The problem: Would you write out the full listing exactly, without any pictures?
--- Material shown Enclosed Below ---
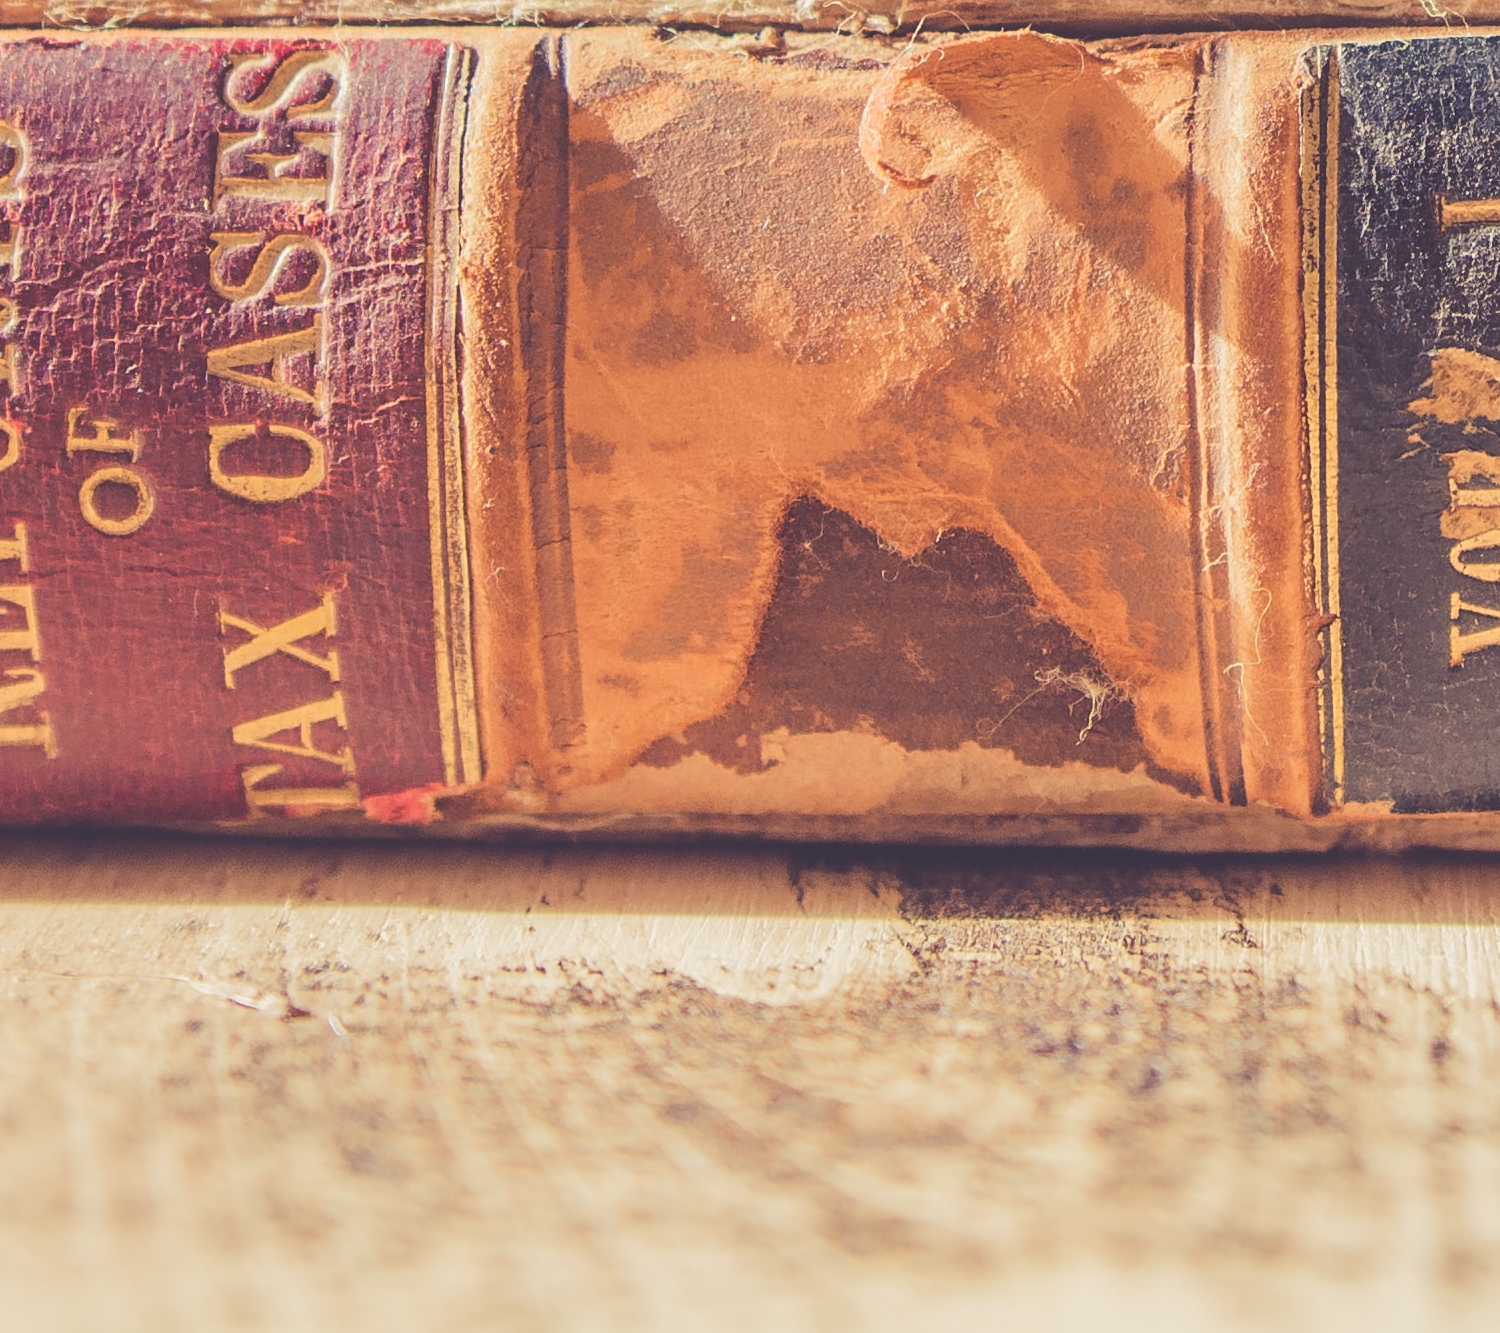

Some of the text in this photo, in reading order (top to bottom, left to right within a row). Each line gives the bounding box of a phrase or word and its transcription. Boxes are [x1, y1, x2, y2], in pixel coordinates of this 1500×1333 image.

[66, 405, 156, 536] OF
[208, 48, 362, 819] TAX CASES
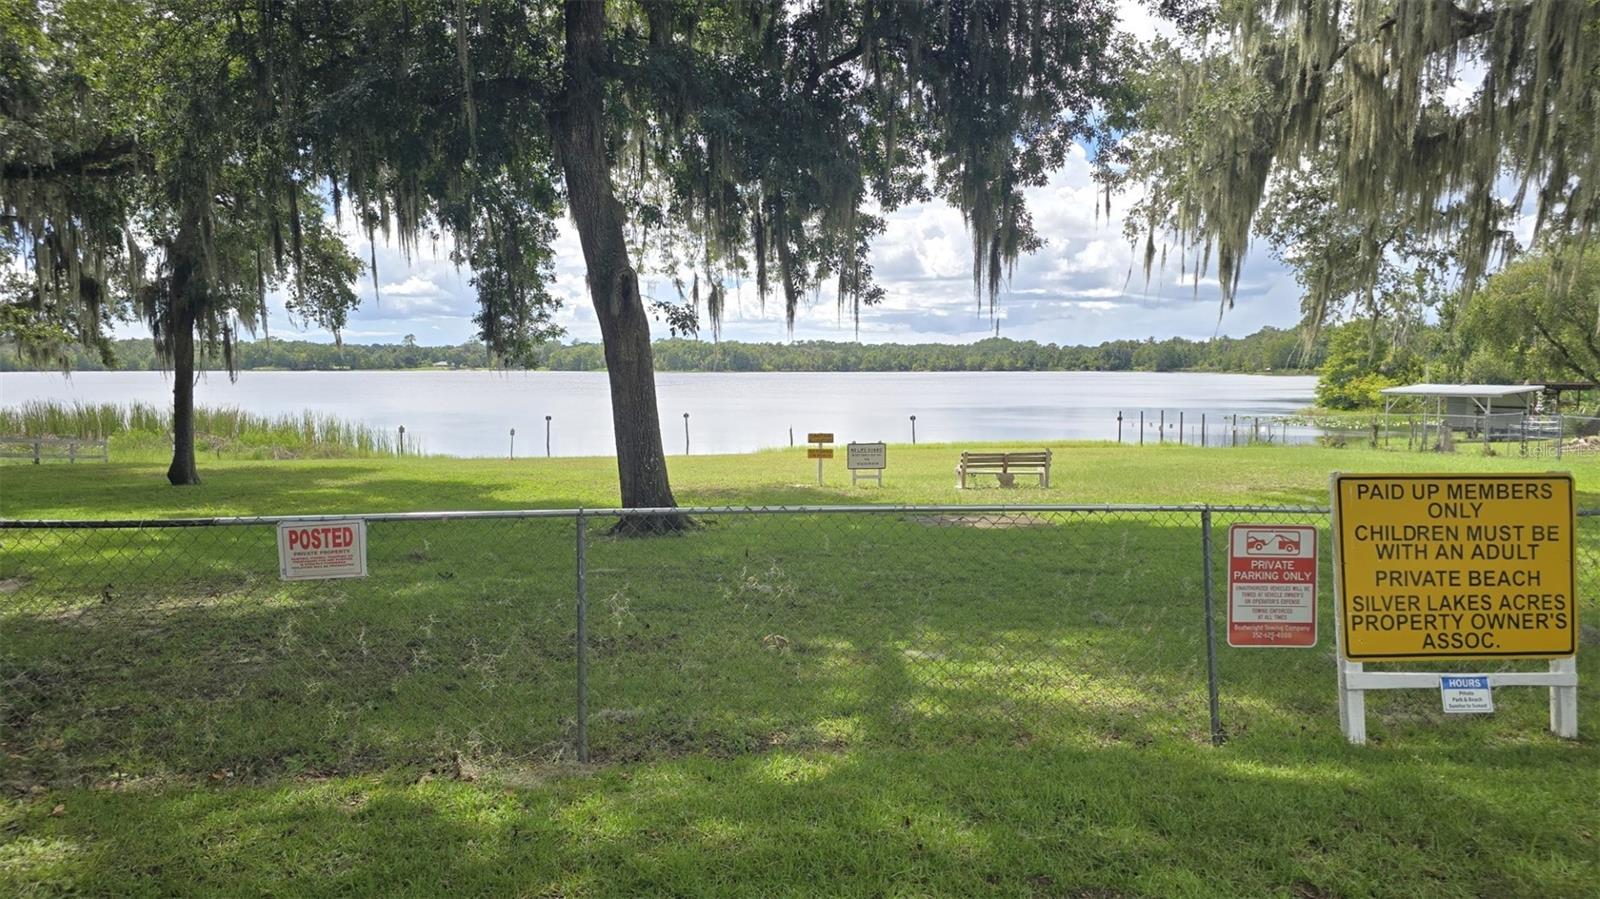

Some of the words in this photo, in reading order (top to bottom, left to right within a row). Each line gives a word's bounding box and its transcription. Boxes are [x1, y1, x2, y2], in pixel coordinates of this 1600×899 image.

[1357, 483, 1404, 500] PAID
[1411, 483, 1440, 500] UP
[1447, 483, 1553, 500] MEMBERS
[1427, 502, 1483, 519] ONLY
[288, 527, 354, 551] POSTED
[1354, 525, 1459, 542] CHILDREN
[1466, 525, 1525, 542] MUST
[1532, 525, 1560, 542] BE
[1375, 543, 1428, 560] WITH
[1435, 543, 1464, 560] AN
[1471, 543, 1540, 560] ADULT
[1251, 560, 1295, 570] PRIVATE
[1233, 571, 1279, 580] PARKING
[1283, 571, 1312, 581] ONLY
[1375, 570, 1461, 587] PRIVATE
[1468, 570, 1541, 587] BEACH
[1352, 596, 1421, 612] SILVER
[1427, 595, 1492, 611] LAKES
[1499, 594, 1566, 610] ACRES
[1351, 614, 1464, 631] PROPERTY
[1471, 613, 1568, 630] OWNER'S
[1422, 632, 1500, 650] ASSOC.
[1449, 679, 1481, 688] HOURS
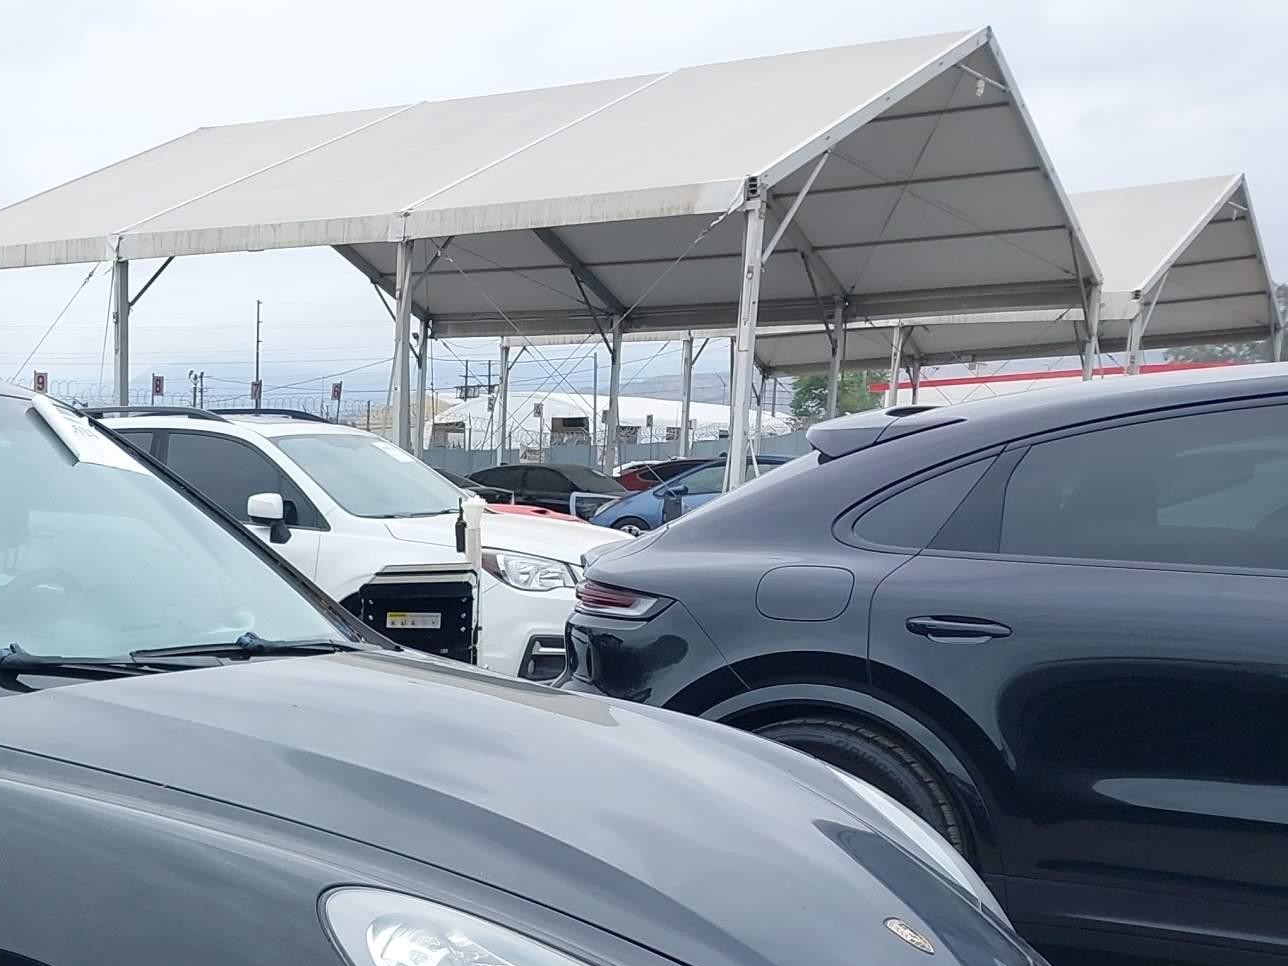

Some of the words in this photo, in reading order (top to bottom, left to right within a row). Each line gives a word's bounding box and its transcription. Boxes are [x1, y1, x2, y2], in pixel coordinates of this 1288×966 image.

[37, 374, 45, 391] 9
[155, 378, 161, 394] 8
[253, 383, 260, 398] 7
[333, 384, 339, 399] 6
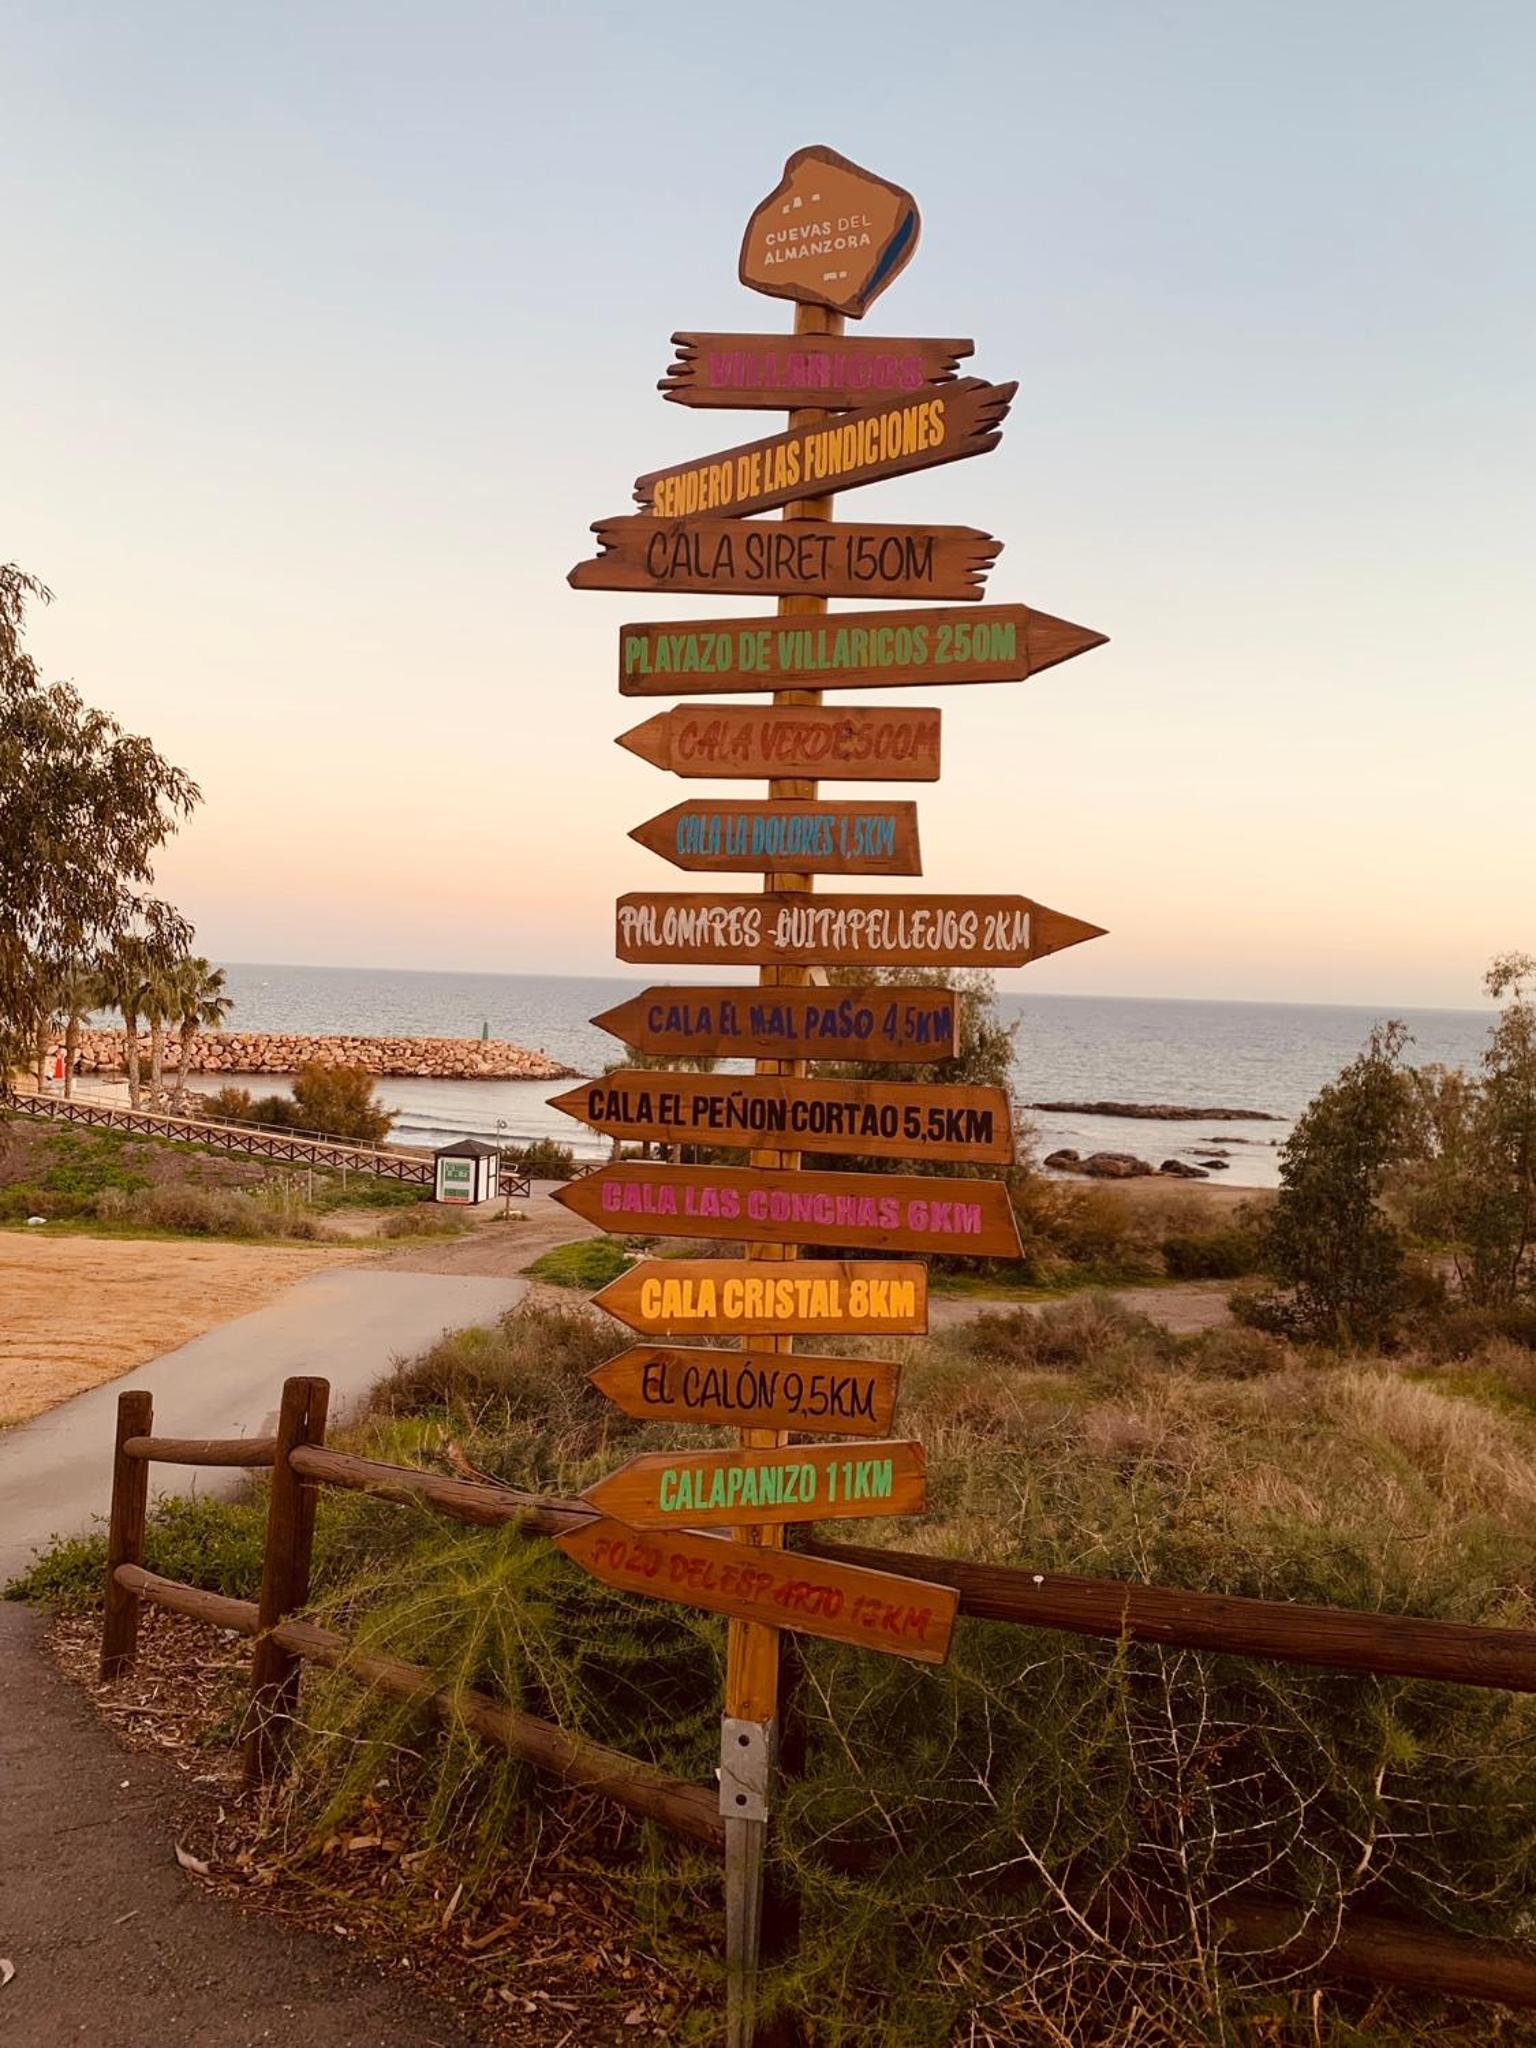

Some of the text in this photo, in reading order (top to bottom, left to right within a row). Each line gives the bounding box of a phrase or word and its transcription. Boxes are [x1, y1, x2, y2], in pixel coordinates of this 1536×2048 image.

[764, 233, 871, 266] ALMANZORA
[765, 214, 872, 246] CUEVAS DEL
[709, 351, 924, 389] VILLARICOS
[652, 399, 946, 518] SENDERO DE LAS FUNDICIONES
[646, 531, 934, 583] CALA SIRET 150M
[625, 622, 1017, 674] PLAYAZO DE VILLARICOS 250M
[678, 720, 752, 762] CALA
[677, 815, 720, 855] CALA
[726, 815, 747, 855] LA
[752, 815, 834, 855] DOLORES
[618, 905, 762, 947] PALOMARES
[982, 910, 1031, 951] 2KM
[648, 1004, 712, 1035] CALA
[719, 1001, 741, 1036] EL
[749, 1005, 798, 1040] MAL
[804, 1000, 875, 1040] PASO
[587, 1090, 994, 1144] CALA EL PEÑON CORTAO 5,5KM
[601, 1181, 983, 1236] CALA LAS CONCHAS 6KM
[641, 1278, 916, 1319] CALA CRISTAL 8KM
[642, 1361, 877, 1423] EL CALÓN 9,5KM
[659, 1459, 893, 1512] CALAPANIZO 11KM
--- End of Enclosed Material shown ---
Task answer:
Some of the text in this photo, in reading order (top to bottom, left to right within a row). Each line gives the bounding box of a phrase or word and its transcription. Boxes are [x1, y1, x2, y2], in pixel coordinates of this 1500×1333 image.

[66, 405, 156, 536] OF
[208, 48, 362, 819] TAX CASES

Some of the words in this photo, in reading order (top to bottom, left to right within a row). Each line gives a word's bounding box and its transcription. Boxes are [x1, y1, x2, y2], in pixel coordinates of this 1600×899 image.

[1357, 483, 1404, 500] PAID
[1411, 483, 1440, 500] UP
[1447, 483, 1553, 500] MEMBERS
[1427, 502, 1483, 519] ONLY
[288, 527, 354, 551] POSTED
[1354, 525, 1459, 542] CHILDREN
[1466, 525, 1525, 542] MUST
[1532, 525, 1560, 542] BE
[1375, 543, 1428, 560] WITH
[1435, 543, 1464, 560] AN
[1471, 543, 1540, 560] ADULT
[1251, 560, 1295, 570] PRIVATE
[1233, 571, 1279, 580] PARKING
[1283, 571, 1312, 581] ONLY
[1375, 570, 1461, 587] PRIVATE
[1468, 570, 1541, 587] BEACH
[1352, 596, 1421, 612] SILVER
[1427, 595, 1492, 611] LAKES
[1499, 594, 1566, 610] ACRES
[1351, 614, 1464, 631] PROPERTY
[1471, 613, 1568, 630] OWNER'S
[1422, 632, 1500, 650] ASSOC.
[1449, 679, 1481, 688] HOURS

Some of the words in this photo, in reading order (top to bottom, left to right within a row). Each line gives a word's bounding box and its transcription. Boxes are [x1, y1, x2, y2], in pixel coordinates of this 1288×966 image.

[37, 374, 45, 391] 9
[155, 378, 161, 394] 8
[253, 383, 260, 398] 7
[333, 384, 339, 399] 6

Some of the text in this photo, in reading order (top to bottom, left to right within a row). Each line gives the bounding box of a phrase or word and its transcription. Boxes are [x1, y1, x2, y2], in pixel coordinates of this 1536×2048 image.

[764, 233, 871, 266] ALMANZORA
[765, 214, 872, 246] CUEVAS DEL
[709, 351, 924, 389] VILLARICOS
[652, 399, 946, 518] SENDERO DE LAS FUNDICIONES
[646, 531, 934, 583] CALA SIRET 150M
[625, 622, 1017, 674] PLAYAZO DE VILLARICOS 250M
[678, 720, 752, 762] CALA
[677, 815, 720, 855] CALA
[726, 815, 747, 855] LA
[752, 815, 834, 855] DOLORES
[618, 905, 762, 947] PALOMARES
[982, 910, 1031, 951] 2KM
[648, 1004, 712, 1035] CALA
[719, 1001, 741, 1036] EL
[749, 1005, 798, 1040] MAL
[804, 1000, 875, 1040] PASO
[587, 1090, 994, 1144] CALA EL PEÑON CORTAO 5,5KM
[601, 1181, 983, 1236] CALA LAS CONCHAS 6KM
[641, 1278, 916, 1319] CALA CRISTAL 8KM
[642, 1361, 877, 1423] EL CALÓN 9,5KM
[659, 1459, 893, 1512] CALAPANIZO 11KM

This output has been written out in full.